— Золото!
Достав ножи, оба татарина опустились на корточки рядом с «трупом»…
— Попались! — прошипел «труп» по-татарски и, открыв рот, продемонстрировал мародерам так называемые «зубы Дракулы» — вставные клыки из силикона, продающиеся в двадцатом веке в каждом пятом киоске… Клыки были окрашены кровью…
Ужас внезапно возникшего зрелища парализовал охотников за «паркером» и «золотым» значком Рязанского высшего воздушно-десантного командного дважды Краснознаменного училища… Они оцепенели на полсекунды.
Этого было достаточно. Дважды хлопнул «марголин». В упор.
Как пройти сквозь стойбище, можно было думать до утра.
Это Аверьянов понял еще час тому назад, потому что, покинув Берестиху, он только на эту тему и размышлял, но ничего путного в голову так и не пришло за пять часов. В свое оправдание можно было бы, конечно, заметить, что спокойно и целенаправленно подумать как следует ему не давали: постоянно отвлекали возникающие на пути обстоятельства…
Но главное было понятно, — пора было идти и стрелять, говоря фигурально; время на размышления было исчерпано.
Он полз по-пластунски, приближаясь к крайним кострам. До ближайшего из них оставалось не более ста пятидесяти метров.
Впереди угадывался небольшой овражек, — метр-полтора глубиной, в котором можно было перевести дух перед последним броском.
Он был уже готов нырнуть в овражек, как вдруг навстречу ему из этой самой ложбины выскочили два мальчугана — лет пяти-шести и, тут же заметив его, остановились как вкопанные — метрах в пяти перед ним.

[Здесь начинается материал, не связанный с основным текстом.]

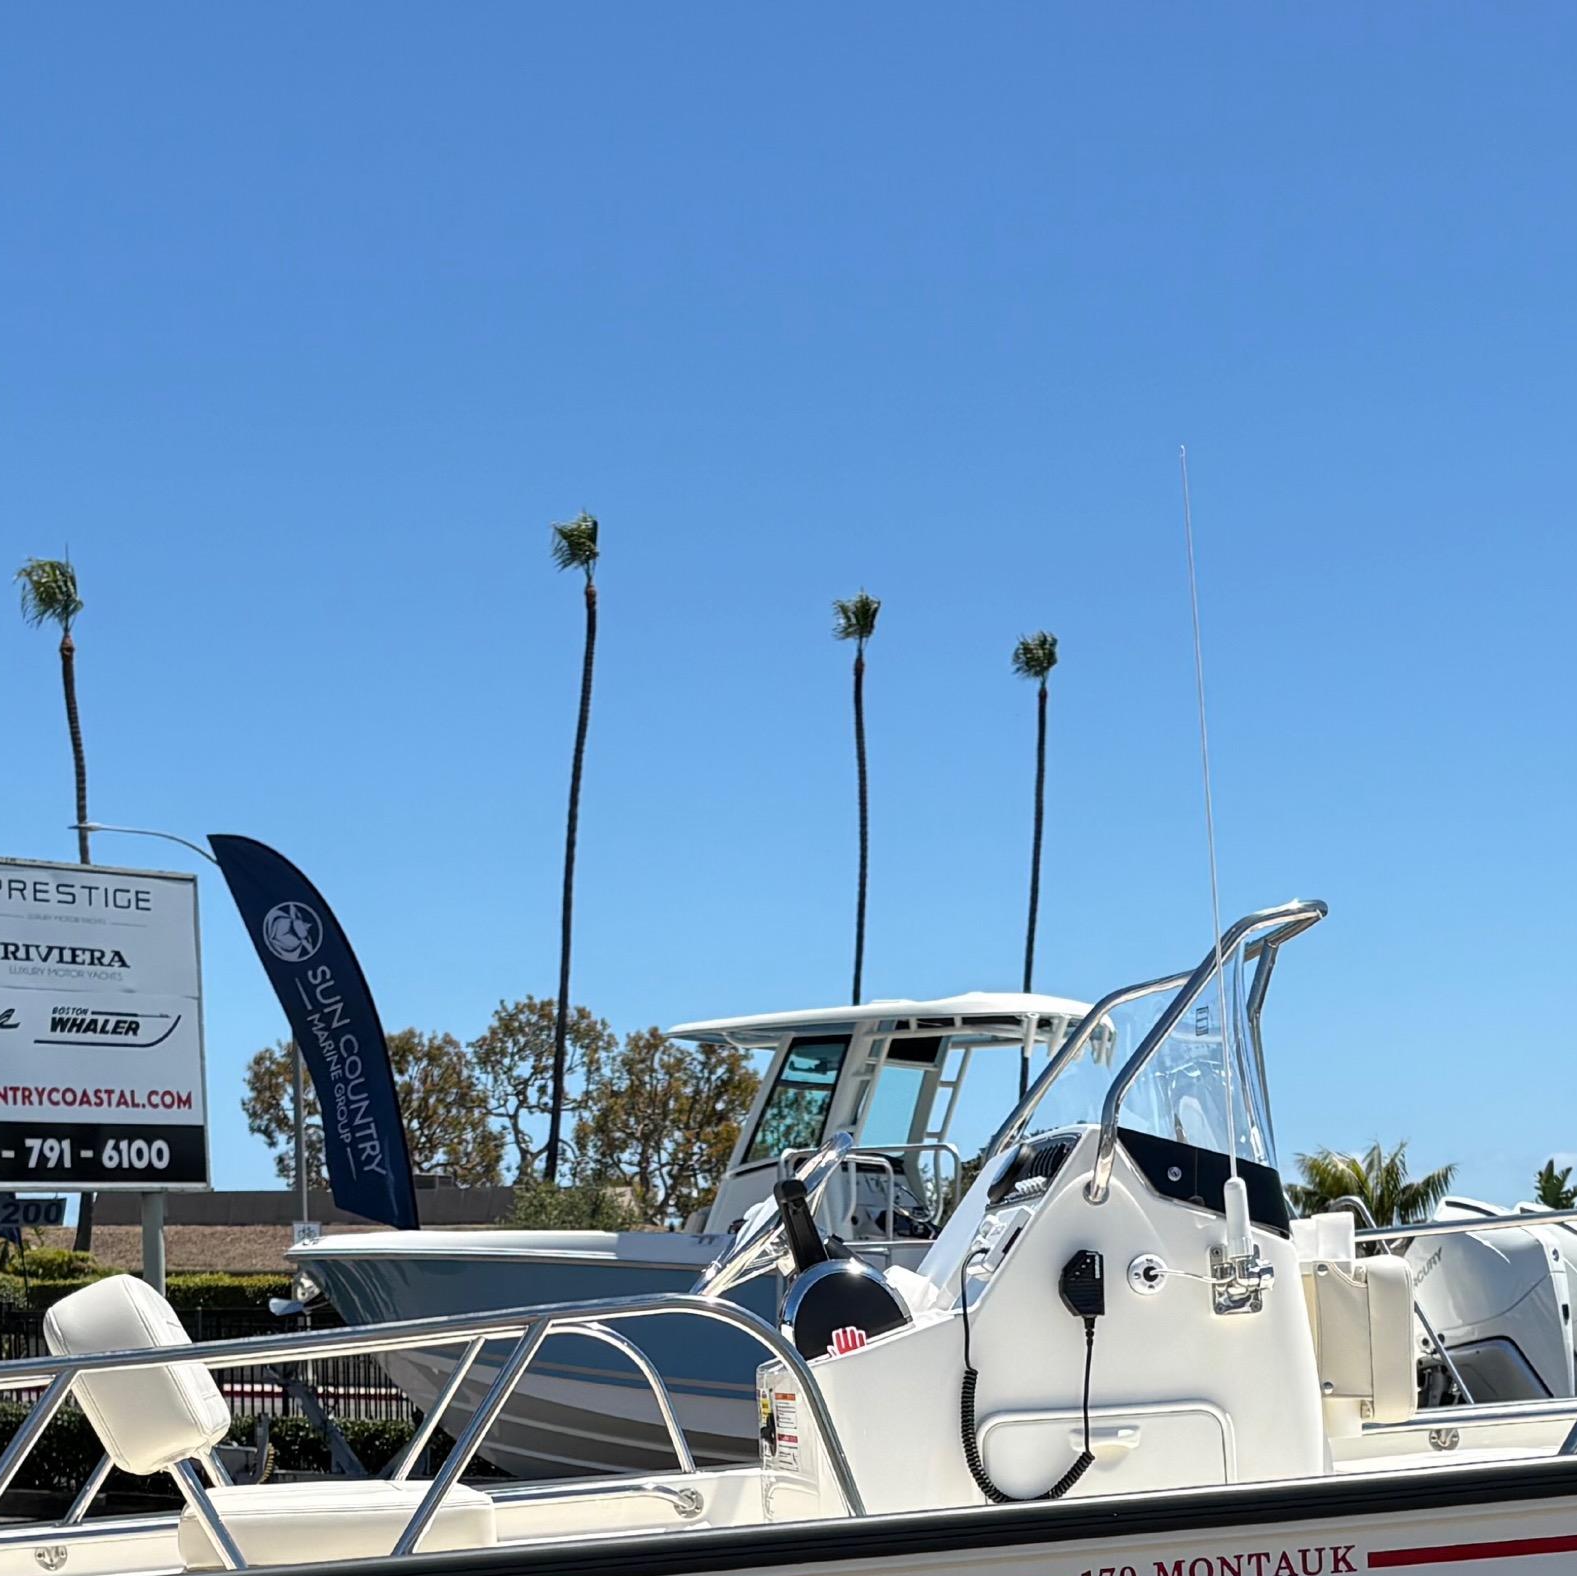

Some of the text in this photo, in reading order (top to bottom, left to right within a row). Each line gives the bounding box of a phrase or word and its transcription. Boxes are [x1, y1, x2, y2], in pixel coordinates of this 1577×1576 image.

[0, 942, 131, 969] RIVIERA
[49, 1016, 141, 1037] WHALER
[51, 1006, 90, 1017] BOSTON
[306, 1013, 353, 1145] MARINE GROUP
[308, 964, 387, 1177] SUN COUNTRY
[24, 1137, 72, 1169] 791
[102, 1138, 171, 1170] 6100

«Непонятно! Это что же, дети из Орды? — мелькнуло в голове у Аверьянова. — А откуда ж еще? — ответил он сам себе. — Не из Университета же Дружбы народов имени Патриса Лумумбы с улицы Миклухо-Маклая? Не должно их тут быть, этих детей, — ну никак! Но они есть! Вот они, передо мной! Есть, и все тут! И их надо как-то нейтрализовать. Причем немедленно! А откуда взялись, будем думать потом!»
Оба мальчугана стояли и смотрели на Аверьянова молча, слегка приоткрыв рот. Чувствовалось, что быстро ползущий мужчина, — ползущий стремительно, привычно и как-то «плоско» — как ящерица, был редким явлением в их обыденной ордынской жизни.

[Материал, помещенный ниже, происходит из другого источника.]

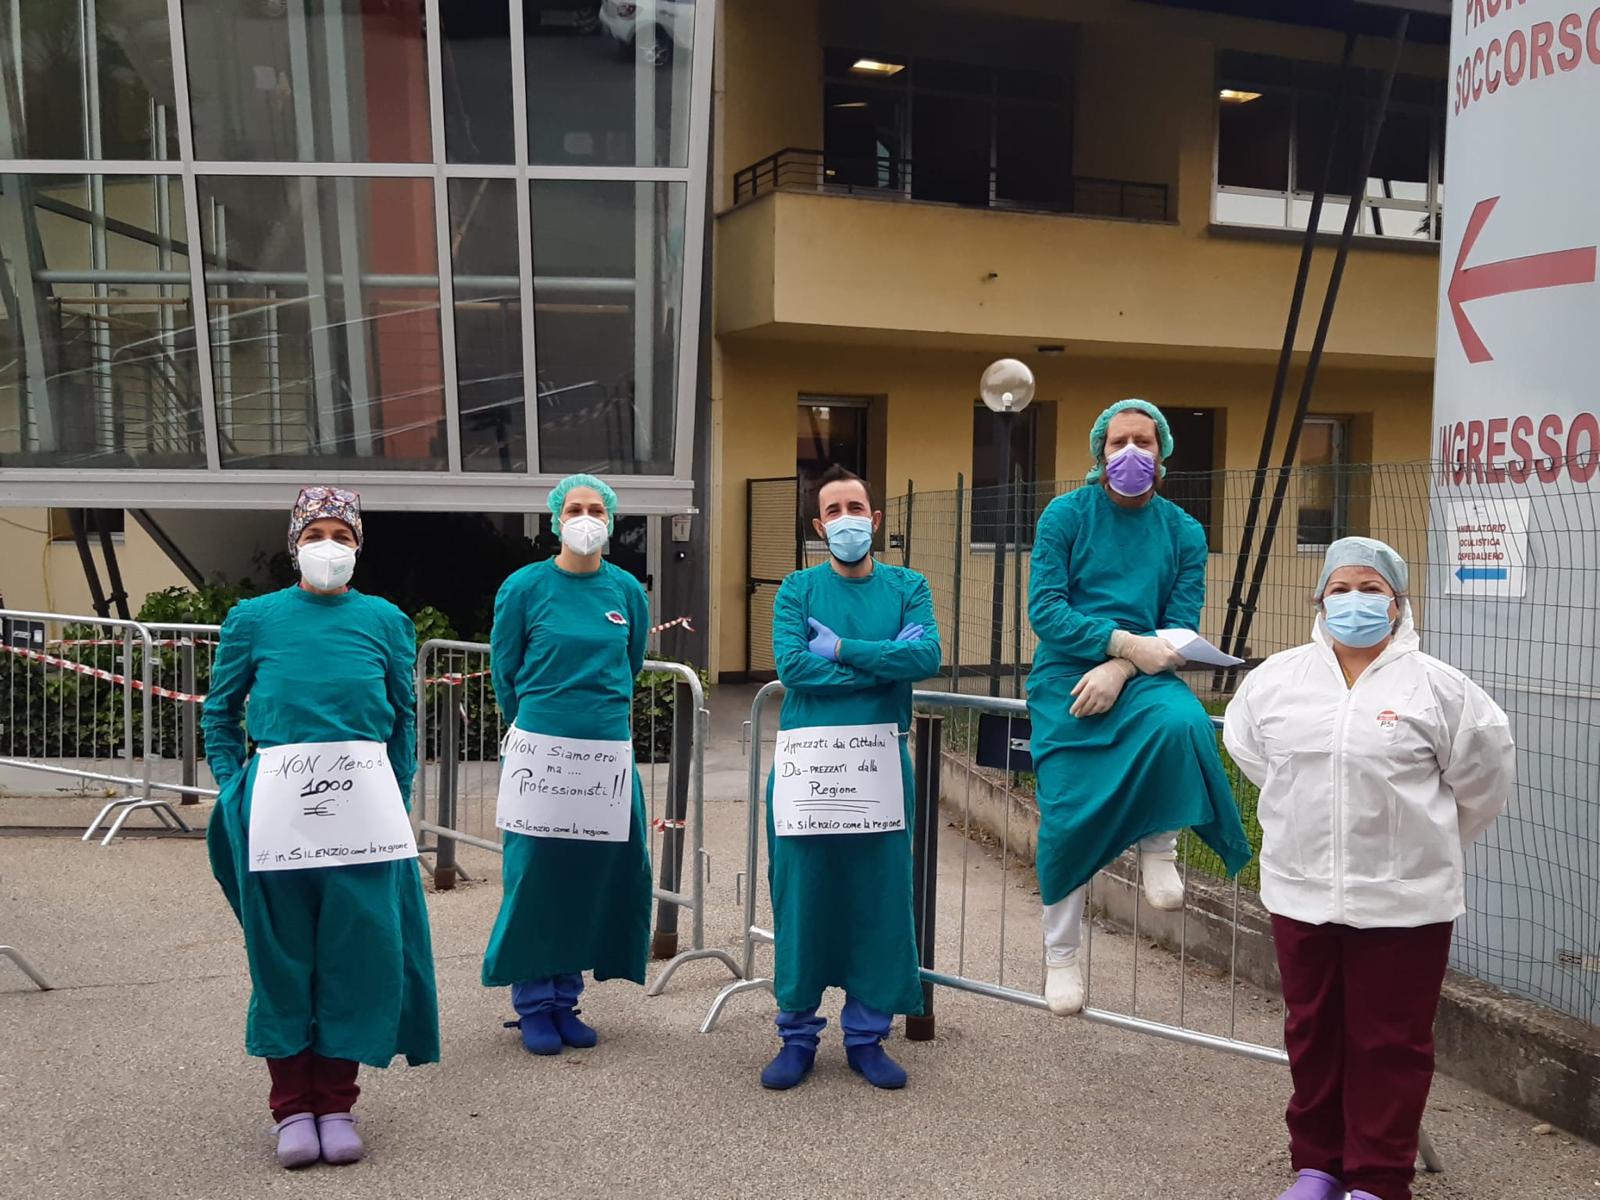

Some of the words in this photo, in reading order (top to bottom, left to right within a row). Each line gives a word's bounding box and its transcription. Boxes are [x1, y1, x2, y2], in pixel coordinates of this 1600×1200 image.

[1438, 412, 1600, 487] INGRESSO
[301, 779, 353, 797] 1000
[808, 781, 857, 798] Regione
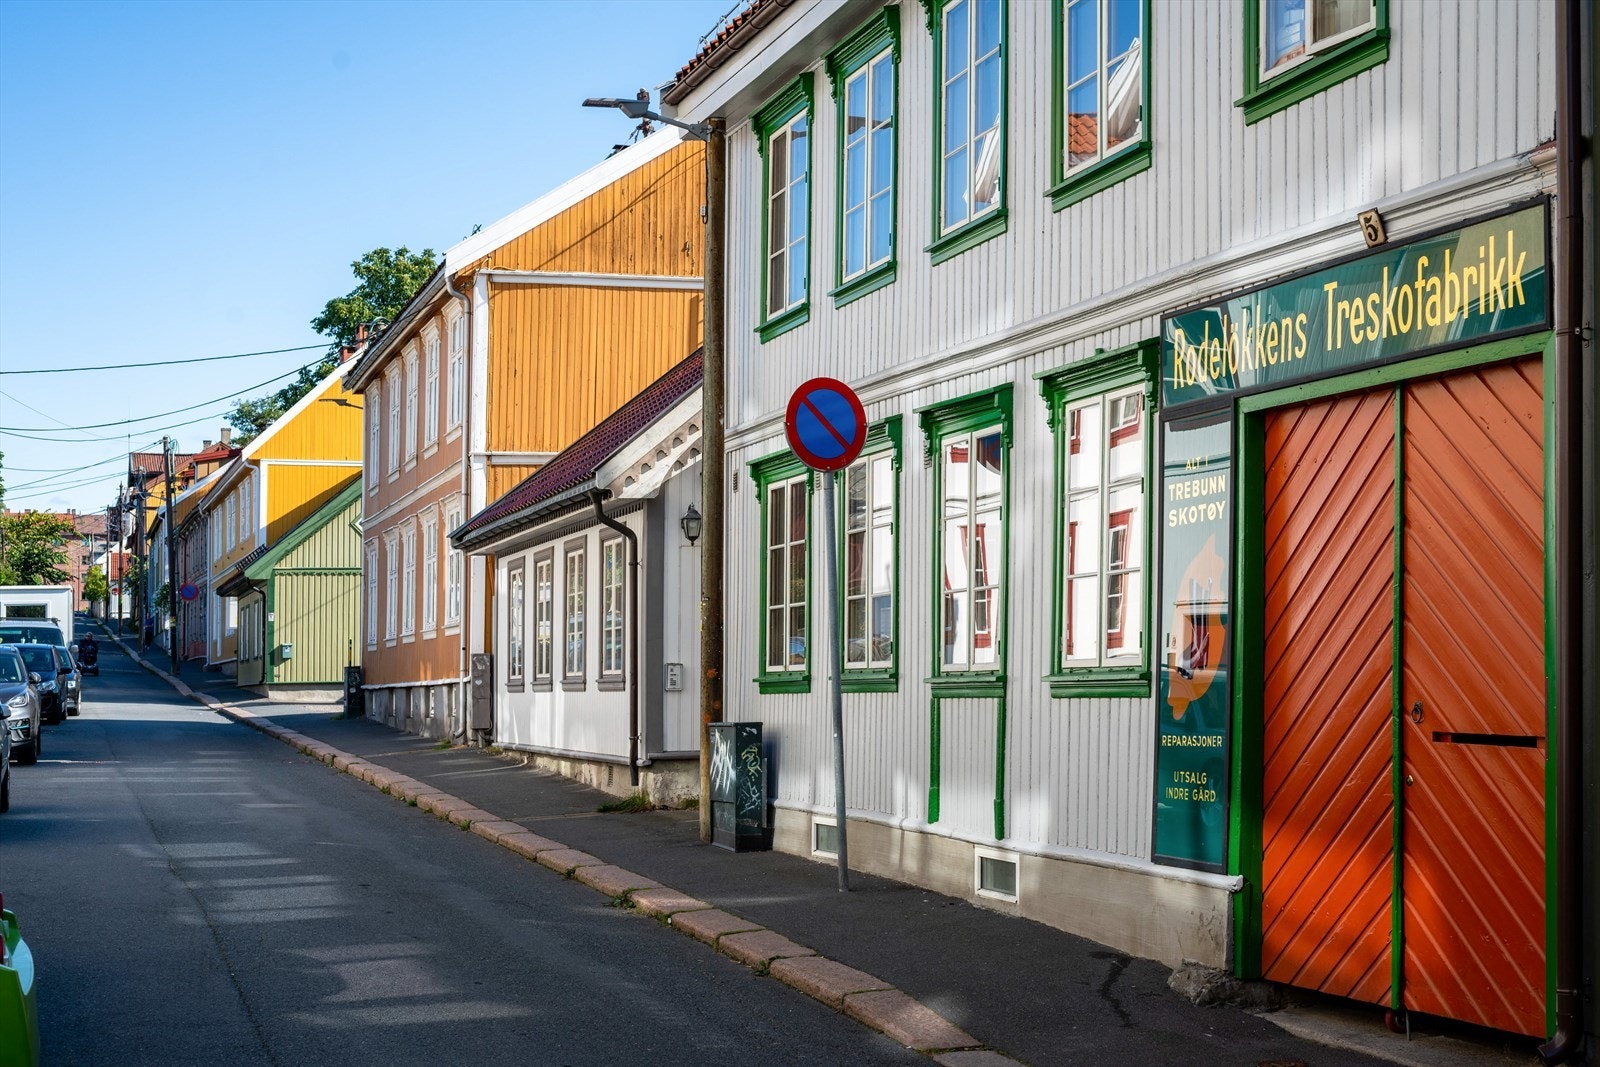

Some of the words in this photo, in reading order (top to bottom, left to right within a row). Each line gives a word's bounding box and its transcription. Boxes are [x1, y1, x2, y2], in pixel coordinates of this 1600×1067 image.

[1363, 214, 1379, 242] 5
[1173, 304, 1307, 390] Rodelökkens
[1323, 230, 1527, 351] Treskofabrikk
[1185, 456, 1200, 470] ALT
[1168, 474, 1226, 501] TREBUNN
[1168, 500, 1226, 527] SKOTØY
[1162, 735, 1222, 747] REPARASJONER
[1173, 771, 1207, 785] UTSALG
[1165, 787, 1189, 801] INDRE
[1192, 787, 1216, 802] GÅRD

Внезапно мальчишки быстро переглянулись и вновь замерли, вперясь в него.
Он вспомнил вдруг сына, Алешку. Едва ли не впервые за все последние дни. Тринадцатый век сразу взял в оборот и начал так колотить его, что время на воспоминания не оставалось.
Но тут — накатило.
Не вставая и стараясь не двигать корпусом, Коля выставил вперед левую руку, поставив ладонь ребром на землю, повернув к ребятам тыльную сторону ладони с торчащим в небо оттопыренным пальцем…
Ребята внимательно наблюдали: что ж дальше? Правой рукой Николай сделал широкий жест и, поймав правой рукой торчащий большой палец левой, слегка напрягся, а затем «отломил» его…

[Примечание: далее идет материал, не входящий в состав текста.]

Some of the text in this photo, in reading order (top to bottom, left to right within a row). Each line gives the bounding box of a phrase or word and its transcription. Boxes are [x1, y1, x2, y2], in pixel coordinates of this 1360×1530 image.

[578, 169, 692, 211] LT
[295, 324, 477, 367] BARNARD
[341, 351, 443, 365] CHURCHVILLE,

Как и Алешка в том возрасте, ребята раскрыли глаза — от подбородка до макушки.
Николай «бросил» «оторванный» палец себе в рот и стал его с хрустом жевать…
С тихим чмоком челюсти раскрывшихся от удивления ртов мальчишек ударились об грудь: «вот это да!»
Пожевав, Николай вдруг сделал вид, что его тошнит, «выплюнул» «палец» себе в правую руку и не спеша приладил его на место. Пошевелил, демонстрируя, — вот ведь, снова прирос!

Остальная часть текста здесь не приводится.